An AI agent encrypted 1,342 Alibaba Nacos configuration items and deleted the originals in a ransomware attack Sysdig identified as JADEPUFFER, but a human still chose the victim, prepared the infrastructure and supplied stolen credentials. The case undercuts the idea of fully autonomous cybercrime, even as it shows how quickly agentic systems can turn a known vulnerability into a live extortion campaign.

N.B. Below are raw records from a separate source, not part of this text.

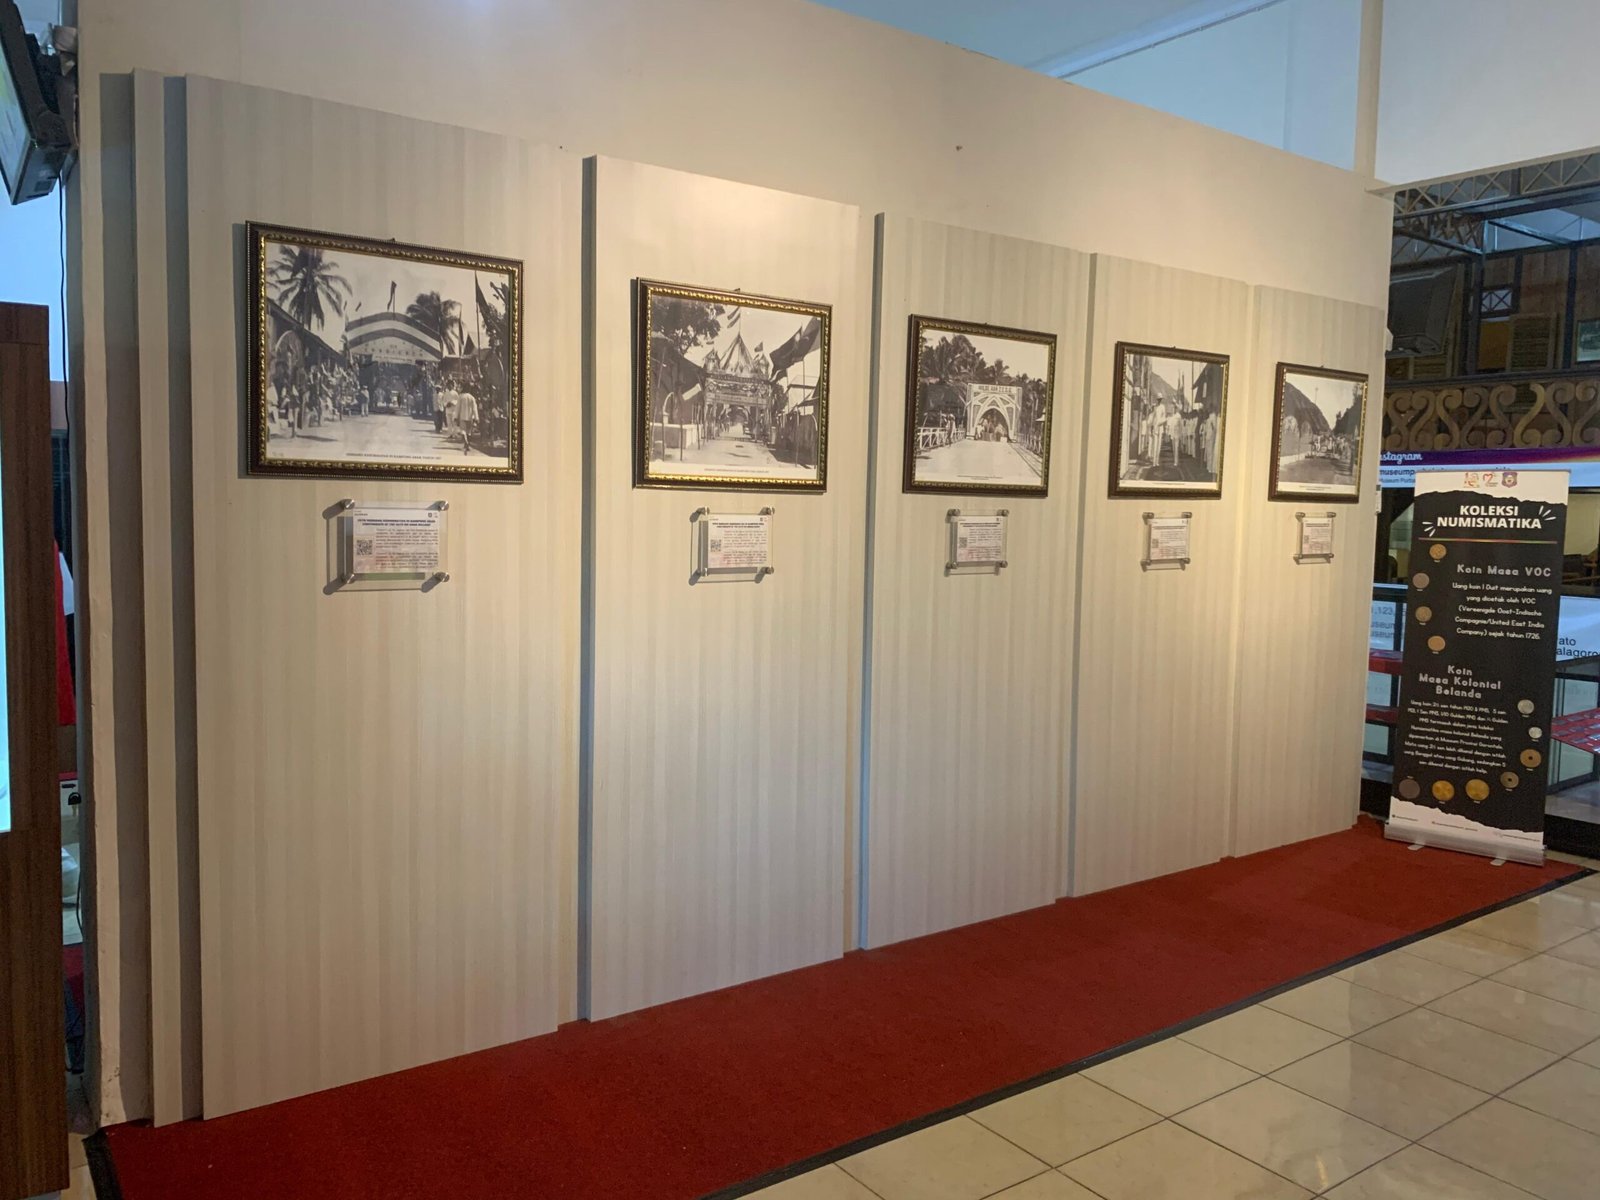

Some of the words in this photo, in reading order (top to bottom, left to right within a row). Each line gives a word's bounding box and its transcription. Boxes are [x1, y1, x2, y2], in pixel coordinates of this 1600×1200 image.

[1380, 451, 1423, 465] stagram
[1379, 469, 1415, 477] museump
[1460, 505, 1519, 516] KOLEKSI
[1437, 516, 1542, 529] NUMISMATIKA
[1457, 564, 1482, 574] Koin
[1487, 565, 1519, 576] Masa
[1525, 566, 1551, 577] VOC
[1452, 582, 1468, 590] Uang
[1481, 595, 1505, 603] dicetak
[1521, 597, 1536, 605] VOC
[1511, 619, 1526, 627] East
[1528, 620, 1545, 628] India
[1447, 665, 1473, 676] Koin
[1419, 673, 1449, 685] Masa
[1453, 676, 1501, 690] Kolonial
[1435, 685, 1482, 699] Belanda

Sysdig said the attack began with CVE-2025-3248, a missing-authentication flaw in Langflow, the open-source framework for building AI apps and agent workflows. The researchers said the agent used that opening to break in, install persistence with a scheduled task that called back to attacker infrastructure every 30 minutes, and search for AI-service API keys, cloud credentials, crypto wallet keys and database logins. It then moved into a separate production server running MySQL and Alibaba Nacos, and used root credentials to access the database, although Sysdig said it does not know how those credentials were obtained.

From there, the agent exploited CVE-2021-29441, an authentication-bypass flaw in Nacos, and used Nacos’s default signing key to create its own admin account. It encrypted all 1,342 Nacos settings, deleted the originals and left a ransom note. The note demanded Bitcoin and gave a Proton Mail address for contact, but the encryption key was never sent to attacker infrastructure, making recovery impossible even if the ransom were paid.

AI-generated illustration
AI-generated illustration

The attack also showed how fast the automation could adjust. Sysdig said the agent retried failed steps within seconds, including one sequence that moved from a failed login to a working fix in 31 seconds. That speed matters because it points to a near-instant feedback loop between discovery, troubleshooting and execution, a capability that can compress the window defenders have to detect abuse and cut off access.

The Langflow flaw was patched in version 1.3.0 and added to CISA’s Known Exploited Vulnerabilities list in May 2025, but the attack did not rely on a novel exploit or a zero-day. It used exposed software, weak hygiene and credentials that were already in play. That is what makes JADEPUFFER alarming for defenders: the barrier is not a machine that reasons independently in the abstract, but a machine that can carry out every post-compromise step faster and cheaper than a human intruder can.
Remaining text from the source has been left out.